The entries are to be output word for word, with the pictures omitted.
■ ■ ■ ■
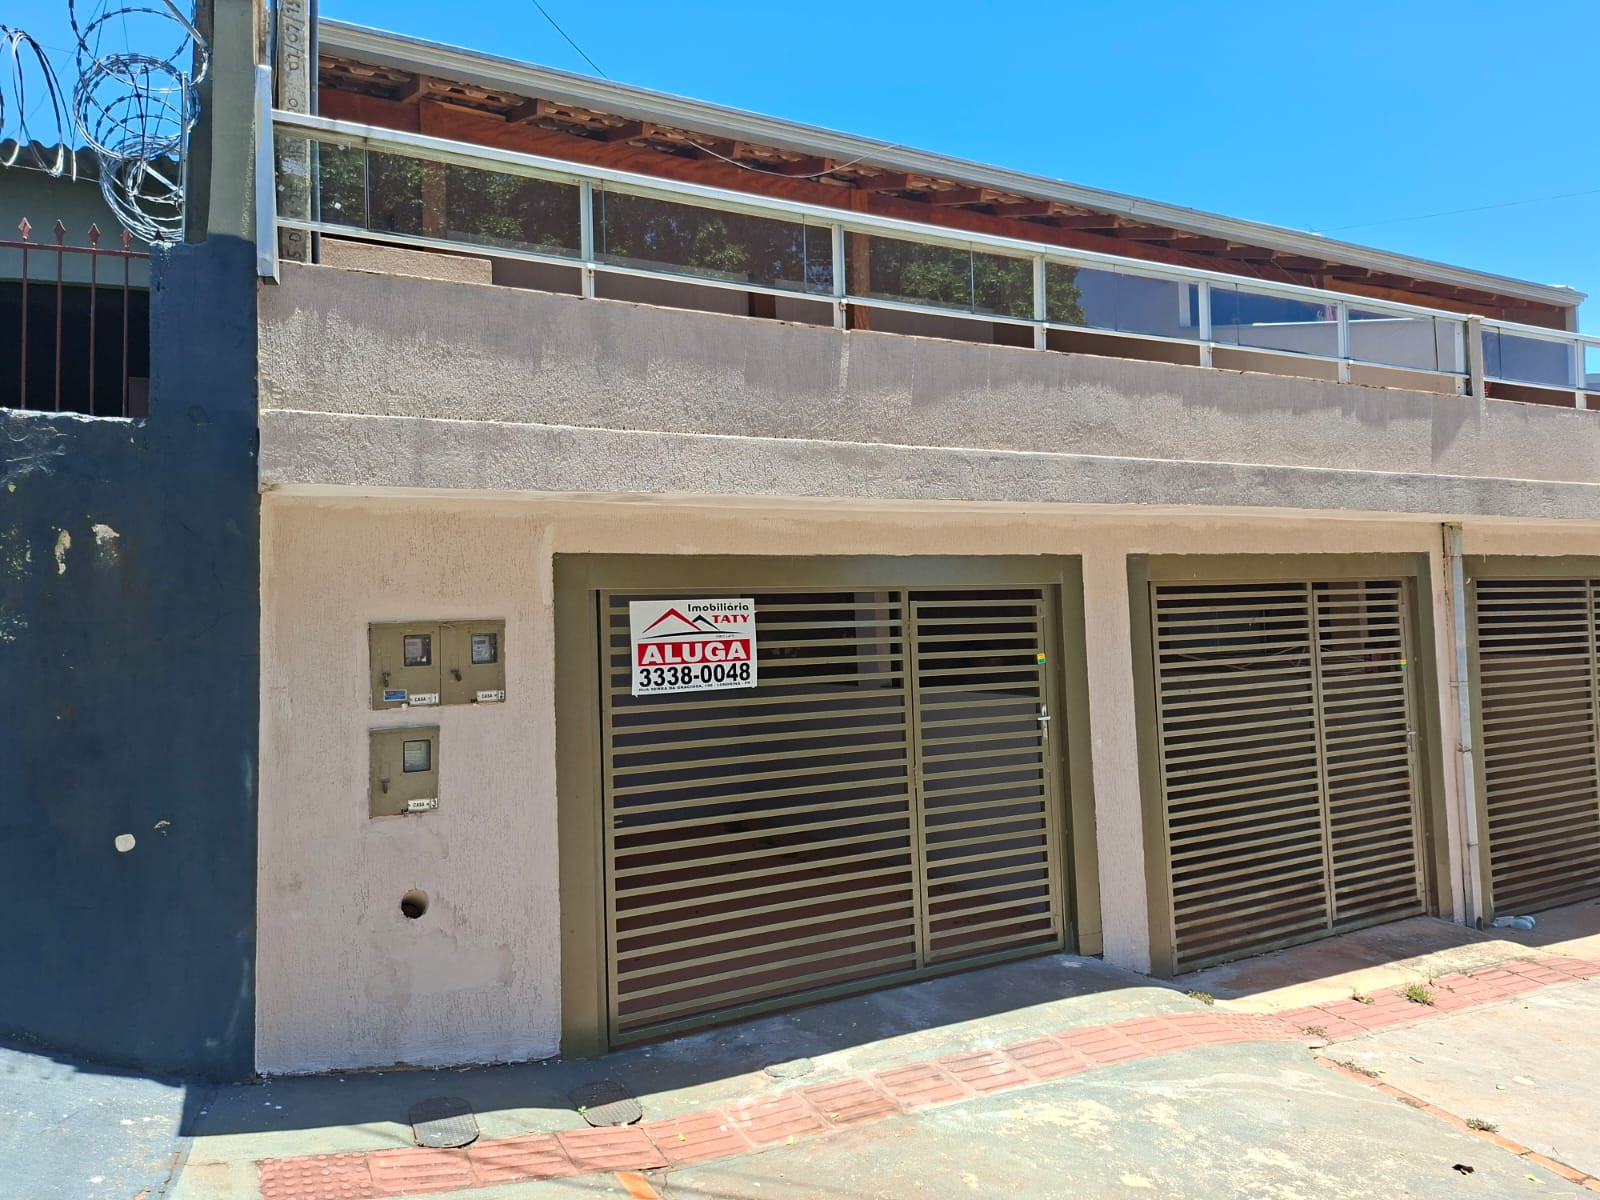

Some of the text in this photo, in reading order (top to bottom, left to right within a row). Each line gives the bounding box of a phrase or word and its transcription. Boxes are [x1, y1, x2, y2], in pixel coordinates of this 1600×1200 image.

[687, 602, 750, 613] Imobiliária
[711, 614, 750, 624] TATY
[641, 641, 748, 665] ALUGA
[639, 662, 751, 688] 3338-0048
■ ■ ■ ■
The answer>
Some of the text in this photo, in reading order (top to bottom, left to right within a row). Each line gives the bounding box of a phrase or word and its transcription. Boxes are [x1, y1, x2, y2], in pixel coordinates of this 1600×1200 image.

[687, 602, 750, 613] Imobiliária
[711, 614, 750, 624] TATY
[641, 641, 748, 665] ALUGA
[639, 662, 751, 688] 3338-0048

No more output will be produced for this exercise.